How to Use Vicks VapoRub for Cough the Right Way

Vicks VapoRub is applied as a thick layer directly on the chest and throat to suppress coughing, and it can be used up to three times every 24 hours. The ointment contains three active ingredients, camphor, eucalyptus oil, and menthol, that work together by releasing strong vapors you inhale as they warm against your skin. It won’t cure the underlying cold or infection, but it can make coughing less frequent and help you breathe more comfortably, especially at night.

Where and How to Apply It

Scoop out enough product to spread a thick, visible layer across your upper chest and throat. You don’t need to rub it in until it disappears. The point is to keep a layer of ointment on the skin so the vapors continuously rise toward your nose and mouth. After applying, keep your clothing loose around your chest and neck so the fumes aren’t trapped against your skin. If you want extra warmth, cover the area with a dry cloth, but this is optional.

You can also rub it onto sore, aching muscles if a persistent cough has left your ribs or back feeling tender. Repeat the application up to three times in a 24-hour period. Wash your hands thoroughly after each use, and avoid touching your eyes or the inside of your nose with the ointment on your fingers.

How the Vapors Actually Work

Vicks VapoRub doesn’t physically open your airways or thin mucus the way a true decongestant would. What it does is simpler: the strong menthol odor triggers cold receptors in your nasal passages, which tricks your brain into perceiving that airflow has increased. You feel like you’re breathing through an unclogged nose even though the congestion itself hasn’t changed. That sensation of open airways can reduce the urge to cough, particularly the dry, tickling kind that keeps you up at night.

Camphor acts as a mild cough suppressant and also creates a gentle warming sensation on the skin. Eucalyptus oil contributes to the aromatic vapor blend. Together, the three ingredients produce a recognizable medicinal smell that most people associate with relief, and that sensory signal plays a real role in calming cough reflexes.

Age Restrictions

Standard Vicks VapoRub is labeled for adults and children age 2 and older. Do not use it on infants or toddlers under 2. Young children are more sensitive to camphor and menthol, and applying it near a small child’s face can irritate their airways rather than soothe them. Vicks makes a separate product called BabyRub for younger children that does not contain camphor.

What Not to Do

A popular home hack involves heating Vicks VapoRub in the microwave or adding it to boiling water to create steam. This is dangerous. The product is flammable, and heating it can cause it to explode. Poison Control documents at least two published cases where people microwaved the ointment and it burst, causing severe eye injuries that required surgery. In one case the ointment was mixed with water; in the other it was heated alone. Both ended badly.

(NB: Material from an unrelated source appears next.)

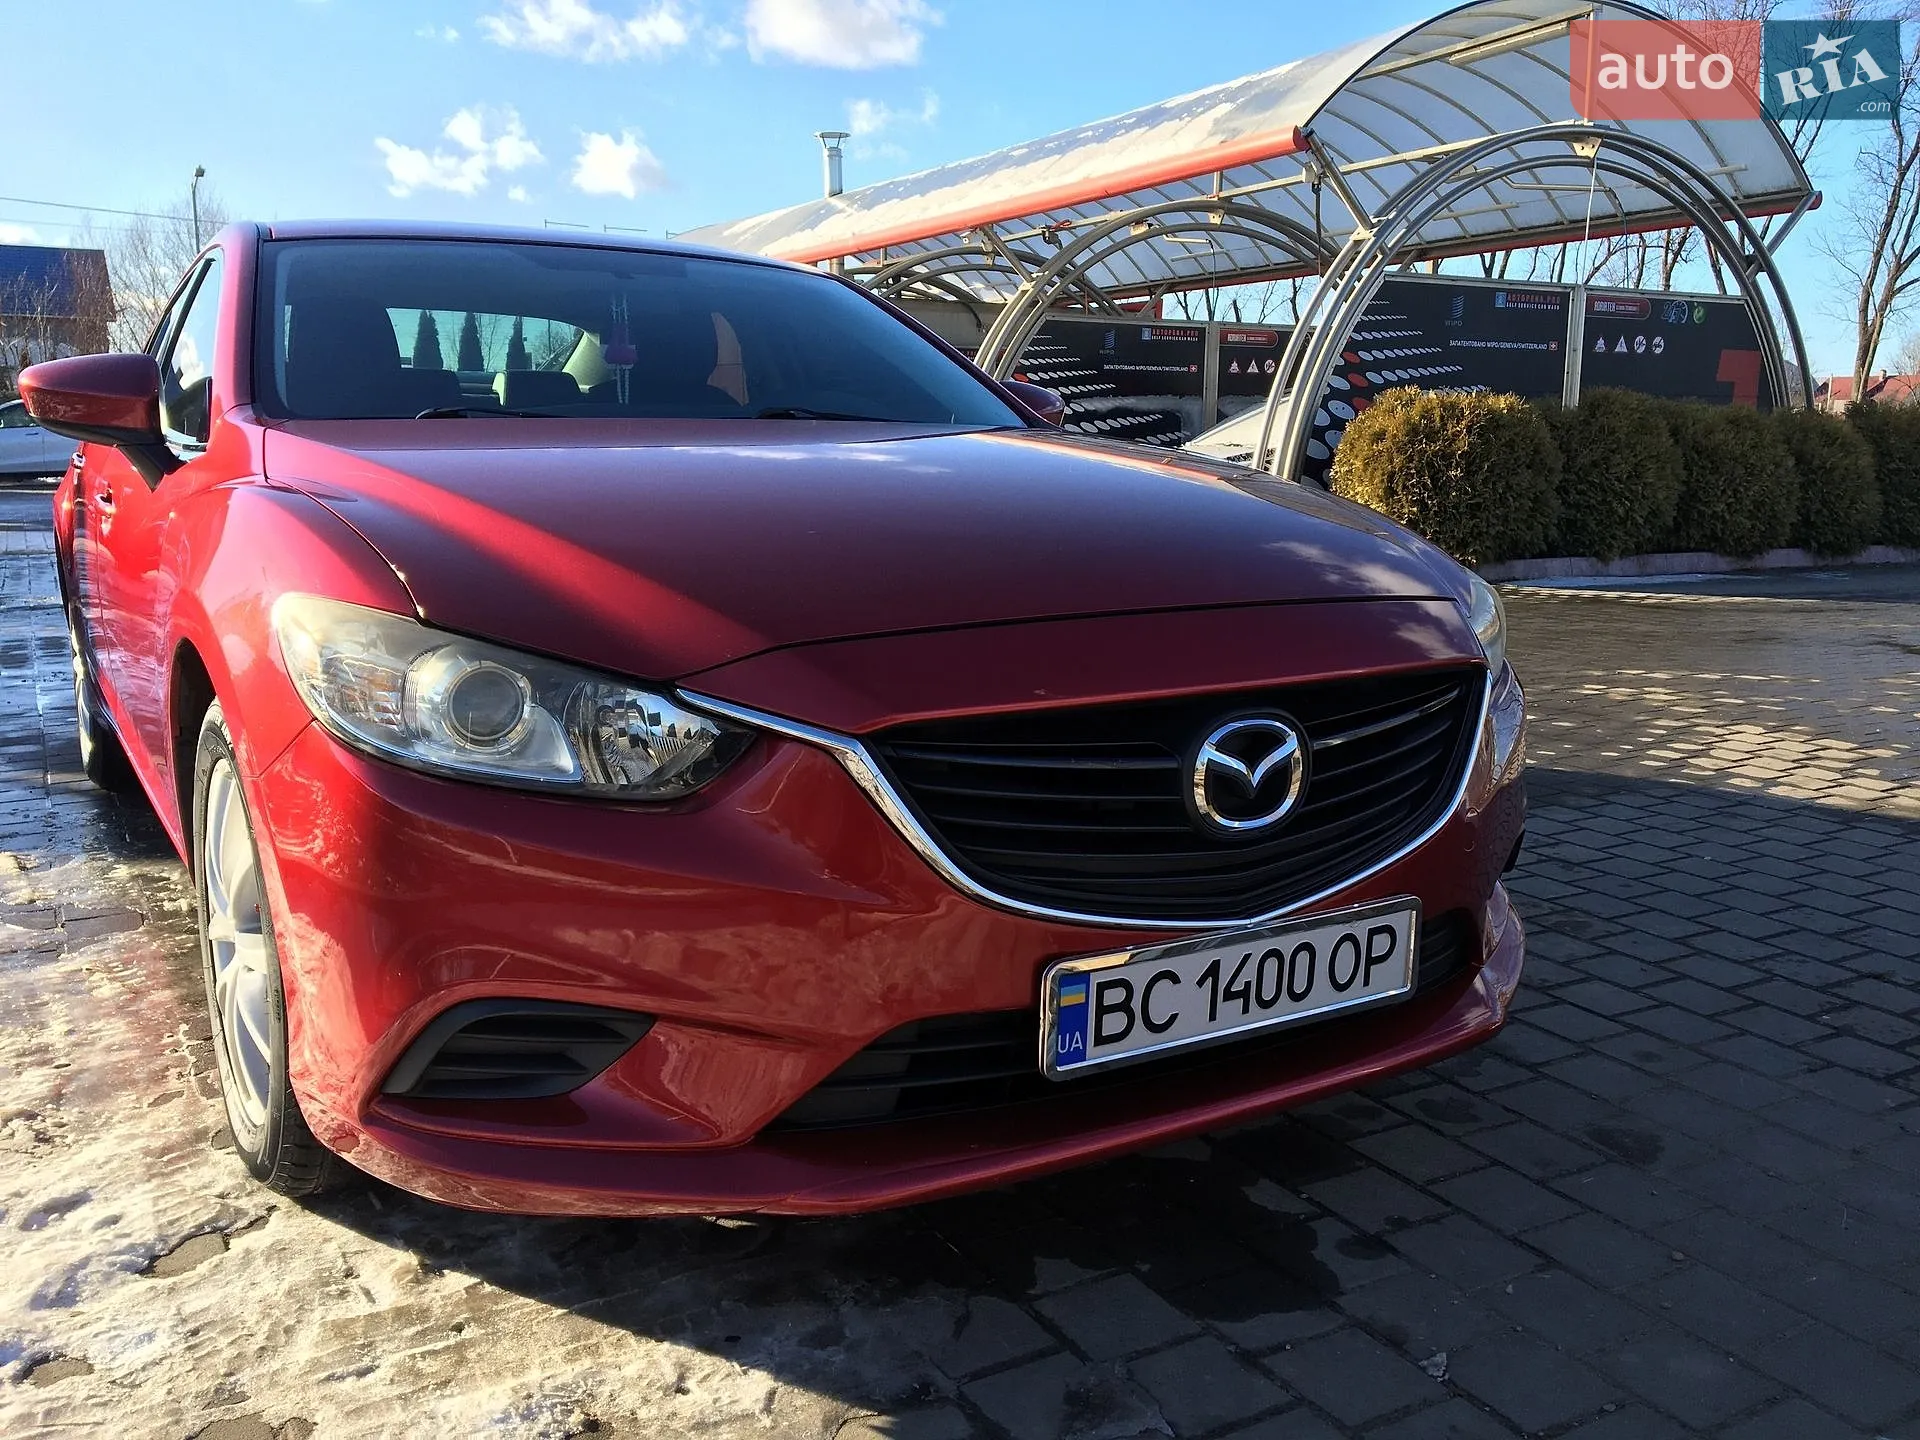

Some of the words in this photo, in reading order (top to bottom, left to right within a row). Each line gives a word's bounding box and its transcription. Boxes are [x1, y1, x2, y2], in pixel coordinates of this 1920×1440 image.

Thermal and chemical burns can also happen if heated ointment is applied to the skin. The safe rule is straightforward: never heat Vicks VapoRub, never put it in a microwave, never add it to hot water, and keep it away from open flames.

Never swallow Vicks VapoRub or apply it inside your nostrils. Camphor is toxic when ingested, even in small amounts. Symptoms of camphor poisoning include nausea, vomiting, abdominal pain, seizures, and muscle spasms. If someone accidentally swallows the product, contact Poison Control immediately.

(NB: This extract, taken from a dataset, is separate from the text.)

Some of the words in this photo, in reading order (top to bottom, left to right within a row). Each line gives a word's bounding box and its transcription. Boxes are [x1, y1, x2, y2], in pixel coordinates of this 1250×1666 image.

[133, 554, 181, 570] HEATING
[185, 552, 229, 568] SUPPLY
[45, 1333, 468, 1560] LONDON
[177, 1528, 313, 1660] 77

Does Putting Vicks on Your Feet Work?

You’ve probably seen the advice to slather Vicks on the soles of your feet, put on socks, and wait for the coughing to stop. This tip has circulated online for years, often attributed to a Canadian research study. That study doesn’t exist. The research group supposedly behind it has denied any knowledge of it. There’s no clinical evidence that applying the ointment to your feet suppresses coughing. The active ingredients work through inhaled vapors, so the product needs to be close to your nose and mouth to have any effect. Your feet are simply too far away.

Getting the Most Out of It at Night

Coughing tends to worsen when you lie down because mucus pools in the back of your throat. Applying Vicks right before bed puts the vapors closest to your airways during the hours you need relief most. Use a thick layer on your chest, wear a loose shirt, and prop yourself up slightly with an extra pillow so gravity helps keep mucus from settling. The combination of elevated positioning and continuous vapor inhalation gives you the best chance of sleeping through the night without a coughing fit.

If the ointment irritates your skin, causes a rash, or makes breathing feel worse rather than better, wash it off with soap and lukewarm water and stop using it. Some people with sensitive skin or reactive airways find that the strong menthol and camphor vapors aggravate rather than soothe their symptoms.